**Your instructions:**
Every entry must reappear in your answer exactly as written, though its pictures must not.

Stored data entries:
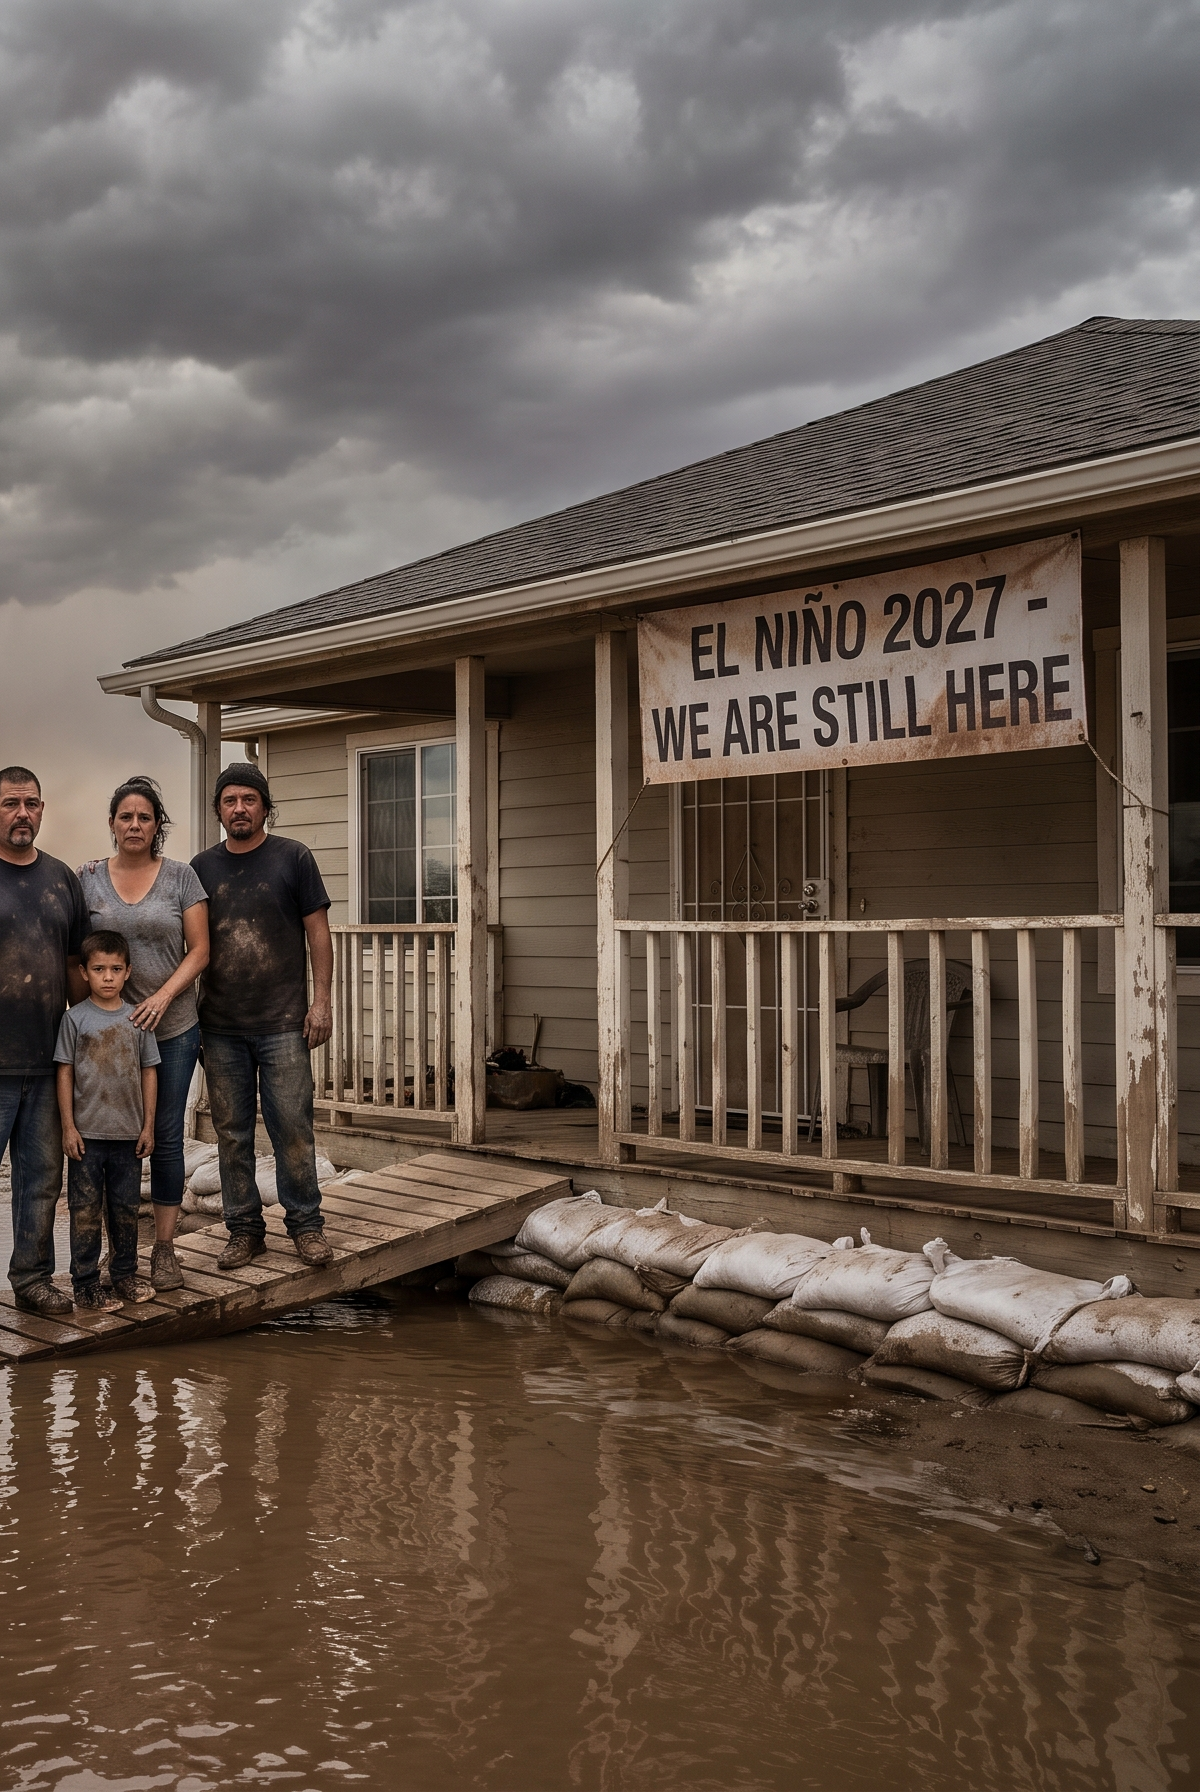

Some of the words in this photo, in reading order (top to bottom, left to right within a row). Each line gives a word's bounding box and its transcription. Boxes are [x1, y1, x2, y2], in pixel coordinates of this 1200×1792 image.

[691, 622, 739, 682] EL
[754, 591, 866, 672] NIÑO
[883, 574, 1007, 654] 2027
[651, 702, 711, 763] WE
[722, 690, 801, 757] ARE
[812, 675, 932, 748] STILL
[945, 653, 1073, 734] HERE
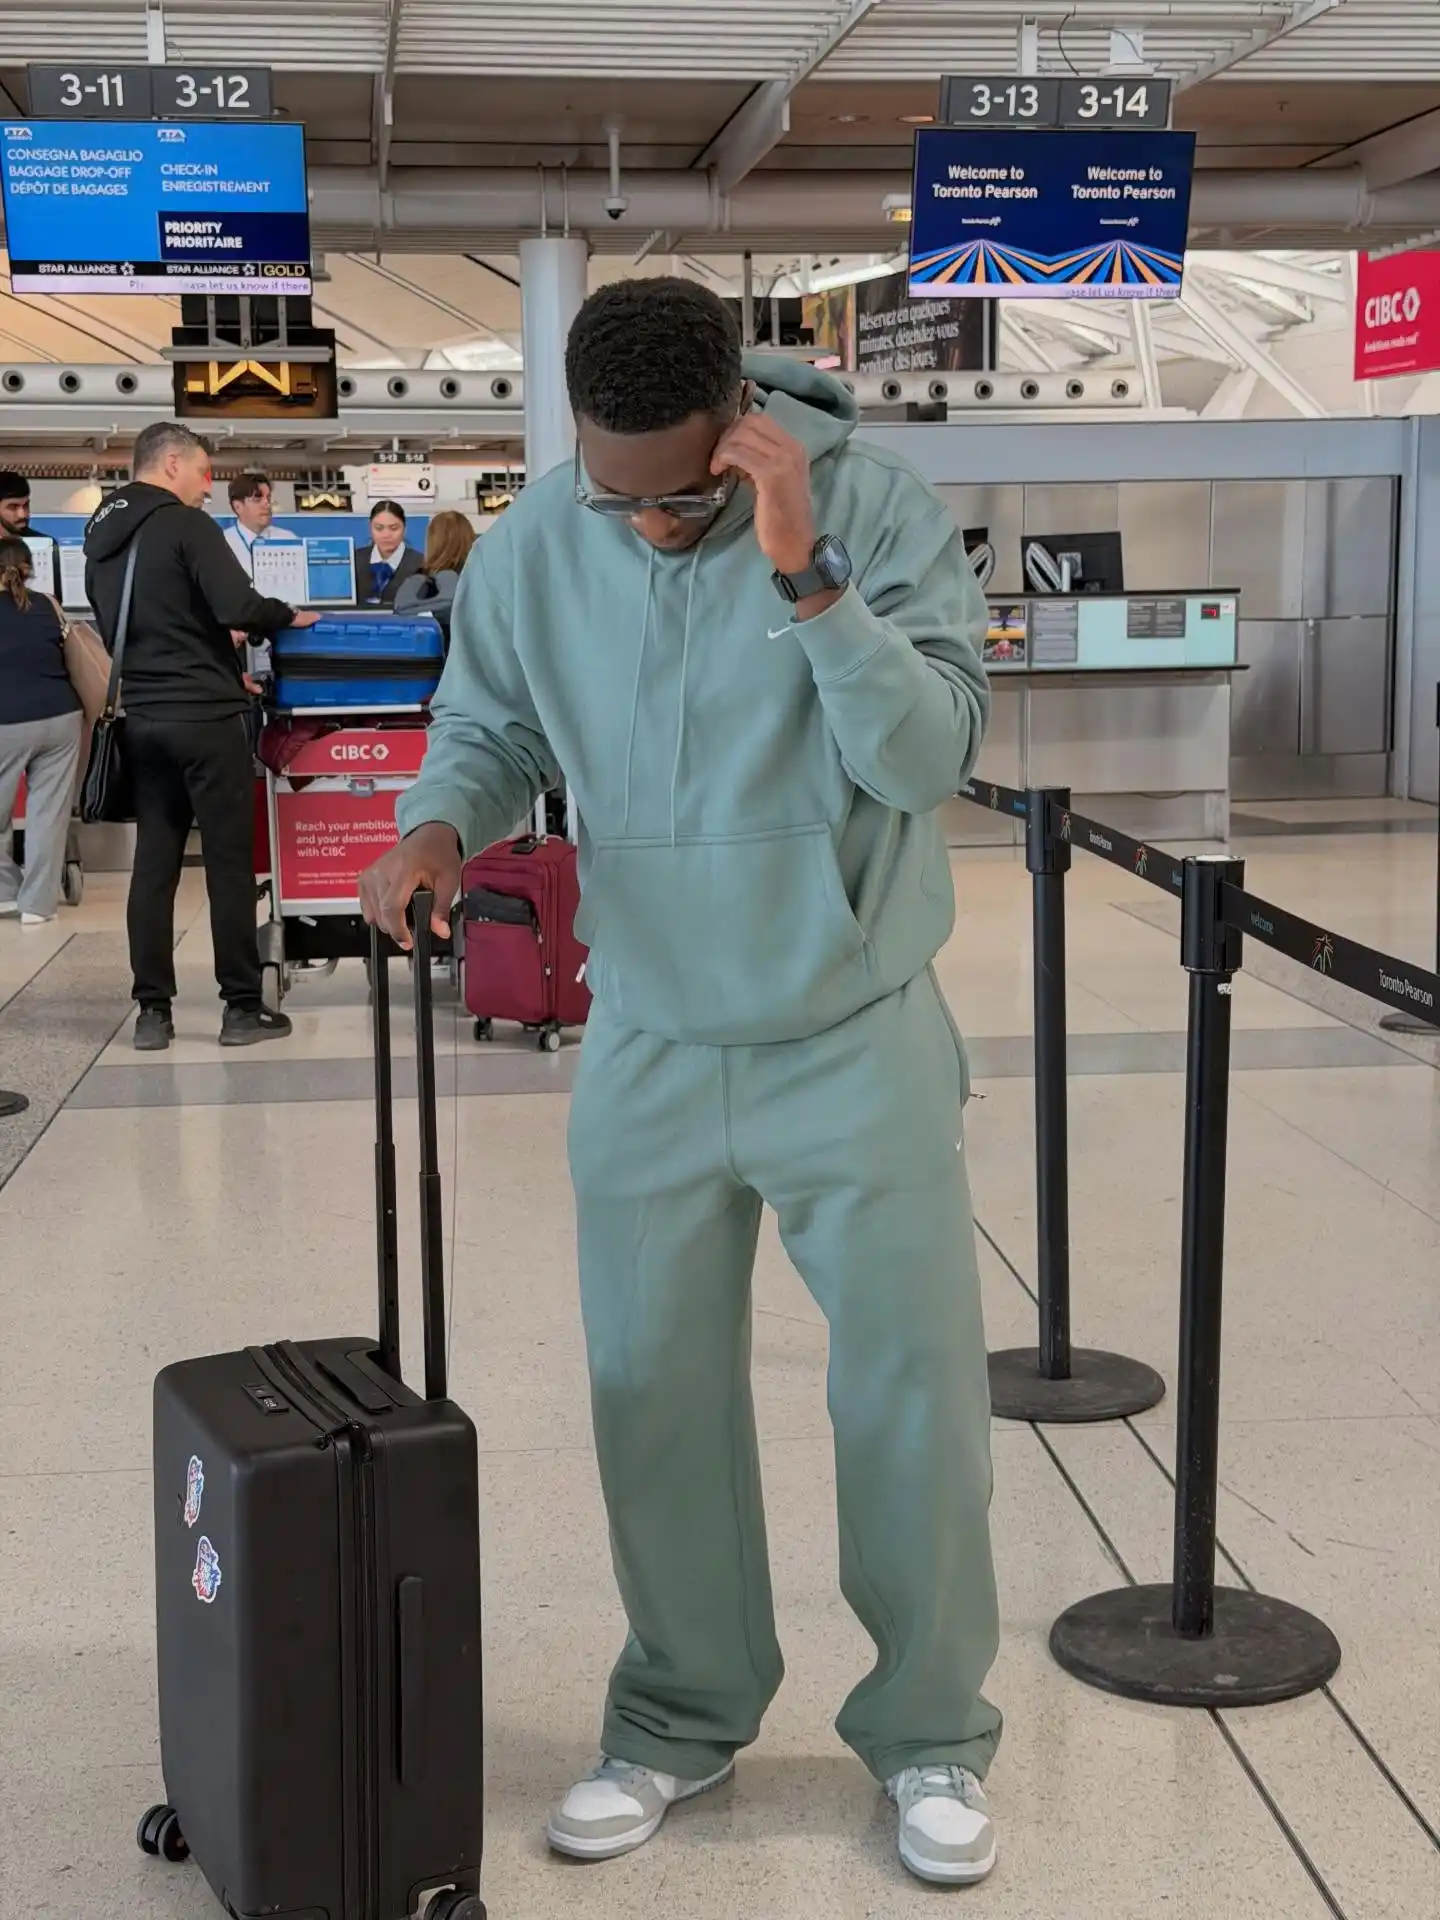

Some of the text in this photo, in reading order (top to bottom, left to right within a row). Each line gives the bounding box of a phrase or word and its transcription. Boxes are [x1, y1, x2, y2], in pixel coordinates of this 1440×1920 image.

[59, 73, 124, 106] 3-11
[175, 75, 250, 108] 3-12
[970, 84, 1039, 117] 3-13
[1077, 85, 1149, 118] 3-14
[7, 148, 143, 162] CONSEGNA BAGAGLIO
[9, 166, 132, 179] BAGGAGE DROP-OFF
[160, 163, 218, 176] CHECK-IN
[948, 165, 1024, 180] Welcome to
[1087, 165, 1163, 181] Welcome to
[10, 181, 128, 196] DÉPÔT DE BAGAGES
[162, 180, 271, 193] ENREGISTREMENT
[932, 183, 1038, 198] Toronto Pearson
[1071, 184, 1176, 199] Toronto Pearson
[164, 221, 223, 234] PRIORITY
[166, 235, 243, 249] PRIORITAIRE
[38, 264, 118, 274] STAR ALLIANCE
[166, 264, 239, 275] STAR ALLIANCE
[264, 265, 306, 277] GOLD
[227, 282, 238, 291] us
[241, 281, 269, 291] know
[1364, 291, 1403, 328] CIBC
[330, 744, 371, 760] CIBC
[295, 820, 326, 832] Reach
[328, 823, 350, 832] your
[296, 833, 315, 844] and
[317, 836, 340, 846] your
[297, 845, 346, 857] with CIBC
[1378, 968, 1433, 1007] Toronto Pearson

**Task result:**
Some of the words in this photo, in reading order (top to bottom, left to right within a row). Each line gives a word's bounding box and its transcription. Boxes are [x1, y1, x2, y2], in pixel coordinates of this 1200×1792 image.

[691, 622, 739, 682] EL
[754, 591, 866, 672] NIÑO
[883, 574, 1007, 654] 2027
[651, 702, 711, 763] WE
[722, 690, 801, 757] ARE
[812, 675, 932, 748] STILL
[945, 653, 1073, 734] HERE

Some of the text in this photo, in reading order (top to bottom, left to right within a row). Each line gives the bounding box of a phrase or word and its transcription. Boxes are [x1, y1, x2, y2], in pixel coordinates of this 1440×1920 image.

[59, 73, 124, 106] 3-11
[175, 75, 250, 108] 3-12
[970, 84, 1039, 117] 3-13
[1077, 85, 1149, 118] 3-14
[7, 148, 143, 162] CONSEGNA BAGAGLIO
[9, 166, 132, 179] BAGGAGE DROP-OFF
[160, 163, 218, 176] CHECK-IN
[948, 165, 1024, 180] Welcome to
[1087, 165, 1163, 181] Welcome to
[10, 181, 128, 196] DÉPÔT DE BAGAGES
[162, 180, 271, 193] ENREGISTREMENT
[932, 183, 1038, 198] Toronto Pearson
[1071, 184, 1176, 199] Toronto Pearson
[164, 221, 223, 234] PRIORITY
[166, 235, 243, 249] PRIORITAIRE
[38, 264, 118, 274] STAR ALLIANCE
[166, 264, 239, 275] STAR ALLIANCE
[264, 265, 306, 277] GOLD
[227, 282, 238, 291] us
[241, 281, 269, 291] know
[1364, 291, 1403, 328] CIBC
[330, 744, 371, 760] CIBC
[295, 820, 326, 832] Reach
[328, 823, 350, 832] your
[296, 833, 315, 844] and
[317, 836, 340, 846] your
[297, 845, 346, 857] with CIBC
[1378, 968, 1433, 1007] Toronto Pearson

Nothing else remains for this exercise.